=== Section Start ===

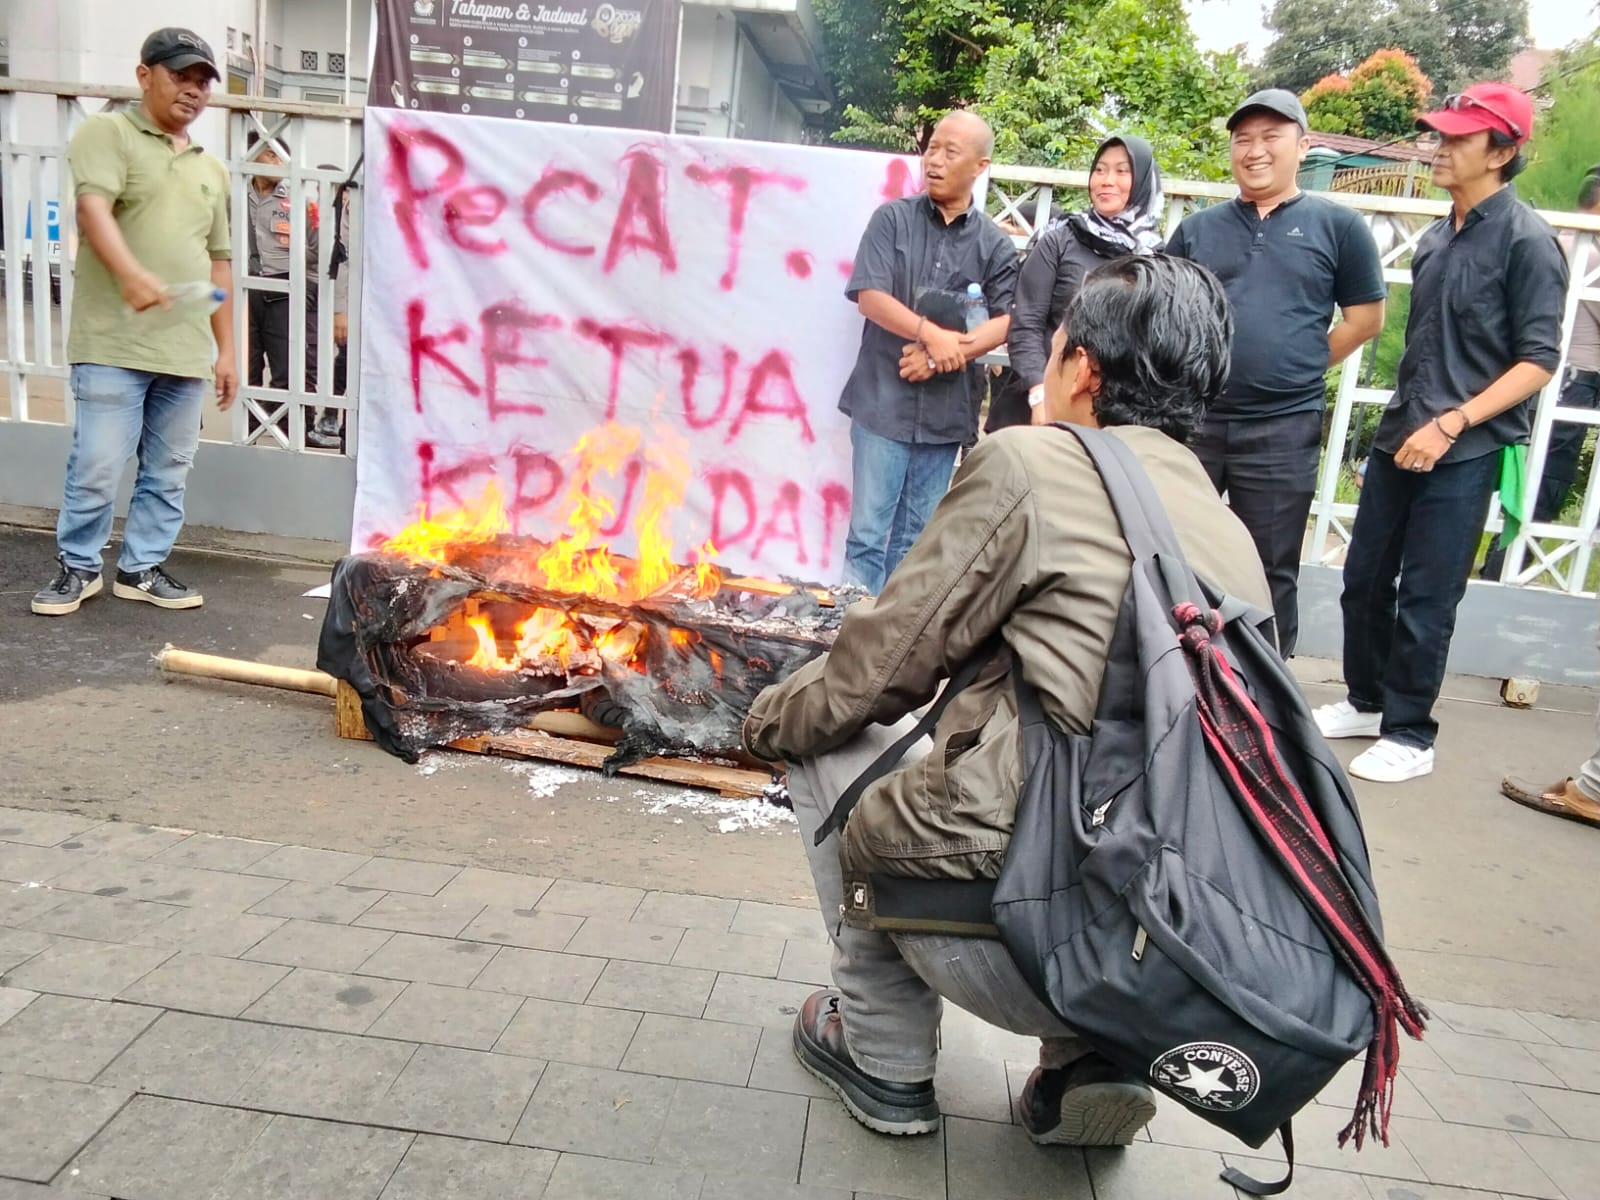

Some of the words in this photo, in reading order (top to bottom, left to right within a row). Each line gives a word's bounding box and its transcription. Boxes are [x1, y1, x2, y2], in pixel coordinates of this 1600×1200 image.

[450, 0, 513, 20] Tahapan
[515, 3, 531, 21] &
[533, 5, 588, 26] Jadwal
[404, 299, 818, 444] KETUA
[1184, 1050, 1250, 1092] CONVERSE
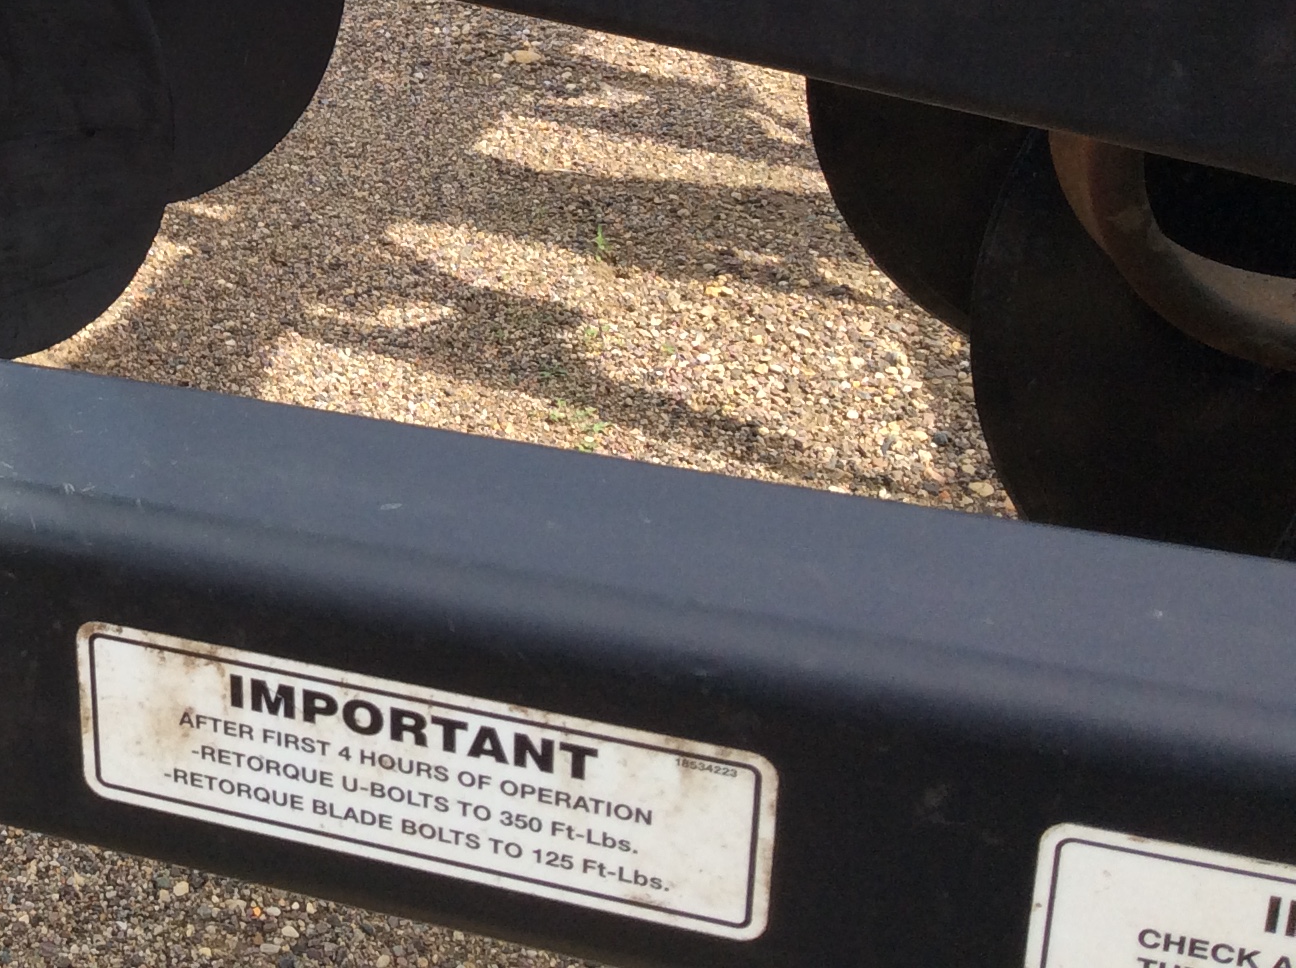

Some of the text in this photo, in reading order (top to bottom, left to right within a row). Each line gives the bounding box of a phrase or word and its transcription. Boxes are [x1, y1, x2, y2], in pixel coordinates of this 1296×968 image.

=== Section End ===

Problem requirements
Every line above goes into your copy exactly; no images go in.

Answer for this exercise
Some of the words in this photo, in reading order (top to bottom, left to right within a row). Each line gives a word's bounding box and its transcription. Boxes are [x1, y1, x2, y2], in pixel coordinates of this 1600×1200 image.

[450, 0, 513, 20] Tahapan
[515, 3, 531, 21] &
[533, 5, 588, 26] Jadwal
[404, 299, 818, 444] KETUA
[1184, 1050, 1250, 1092] CONVERSE

Some of the text in this photo, in reading order (top to bottom, left to right within a row). Each line gives the bounding box of a phrase or word and its transcription. Boxes are [x1, y1, x2, y2], in pixel coordinates of this 1296×968 image.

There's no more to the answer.